Deep Learning models have been gaining increasing attention in the recommendation systems community, replacing some of the traditional methods. The sparse nature of the problems in this domain and the different types of inputs offer unique challenges for feature engineering and architecture planning, in order to balance between memorization and generalization.
During the past year the algorithms team in Taboola moved all of our algorithms to deep learning models and in this talk we will share the lessons we learned doing so. Specifically, we will talk about building neural networks with multiple input types (click history, text and pictures); feature engineering in the deep learning era; capturing interactions between features using both deep dense architectures and Factorization Machine models; Tradeoffs between deep models, shallow models and the combination of the two; and other tips regarding network architectures.

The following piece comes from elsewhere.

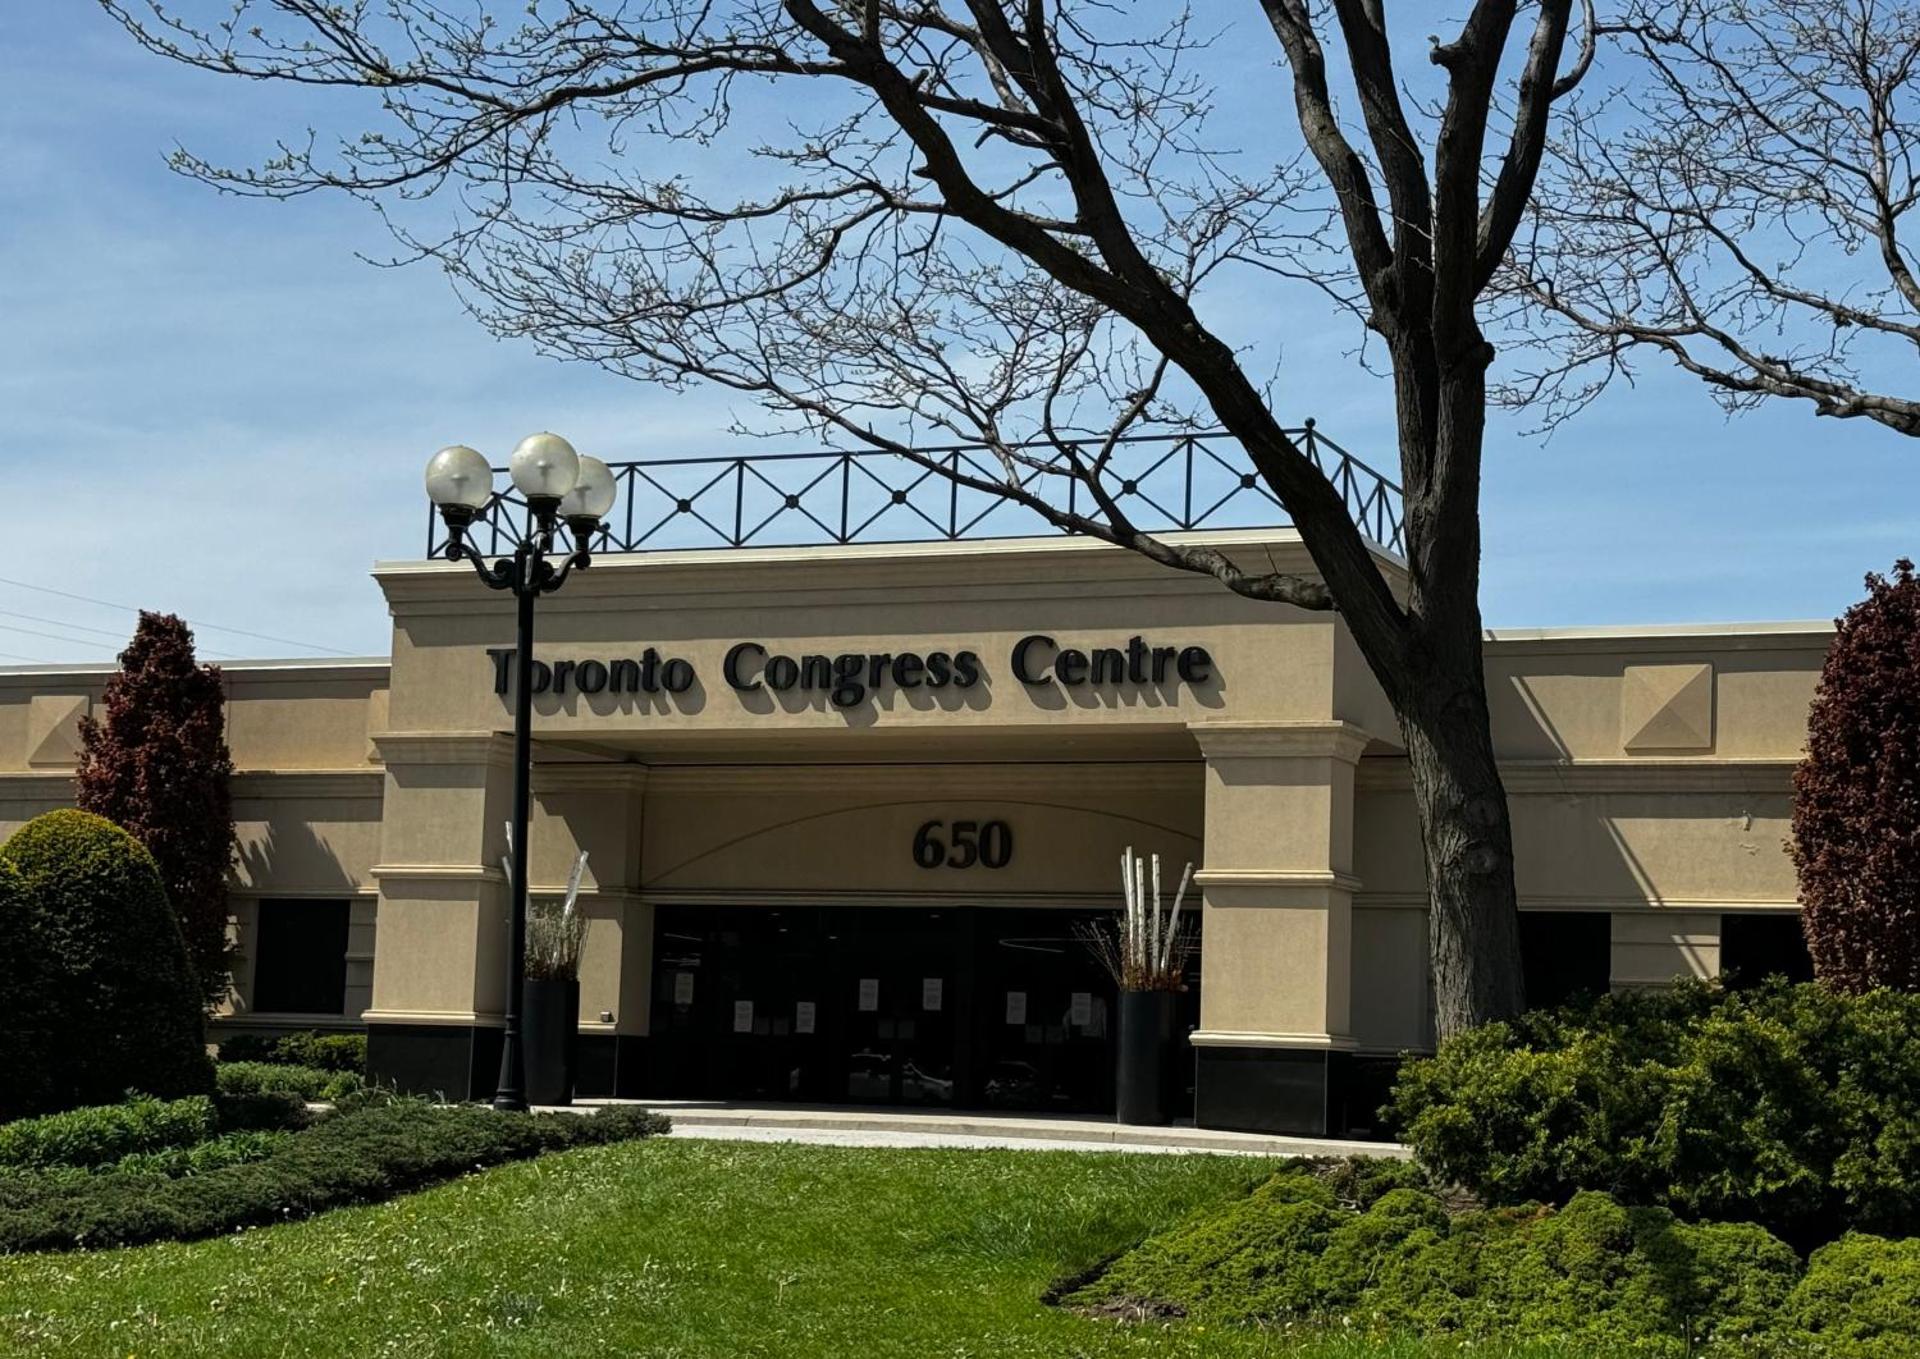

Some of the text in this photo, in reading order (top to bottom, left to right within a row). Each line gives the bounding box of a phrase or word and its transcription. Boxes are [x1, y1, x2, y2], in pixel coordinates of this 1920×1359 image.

[486, 635, 1211, 707] Toronto Congress Centre
[912, 820, 1013, 869] 650

Ofer Alper is an Algorithm Team Leader at Taboola, the world's largest discovery platform. In his current position he is responsible for building a machine learning based recommendation system, using neural network, deep learning and matrix factorization. Before joining Taboola Ofer worked in the Algo-Trading industry developing algorithms and data science models. Prior to that he was the R&D Manager of Mocospace, one of the largest mobile social networks in the US. Ofer has over 17 years of experience in many areas including software engineering, algorithm development, data science and machine learning.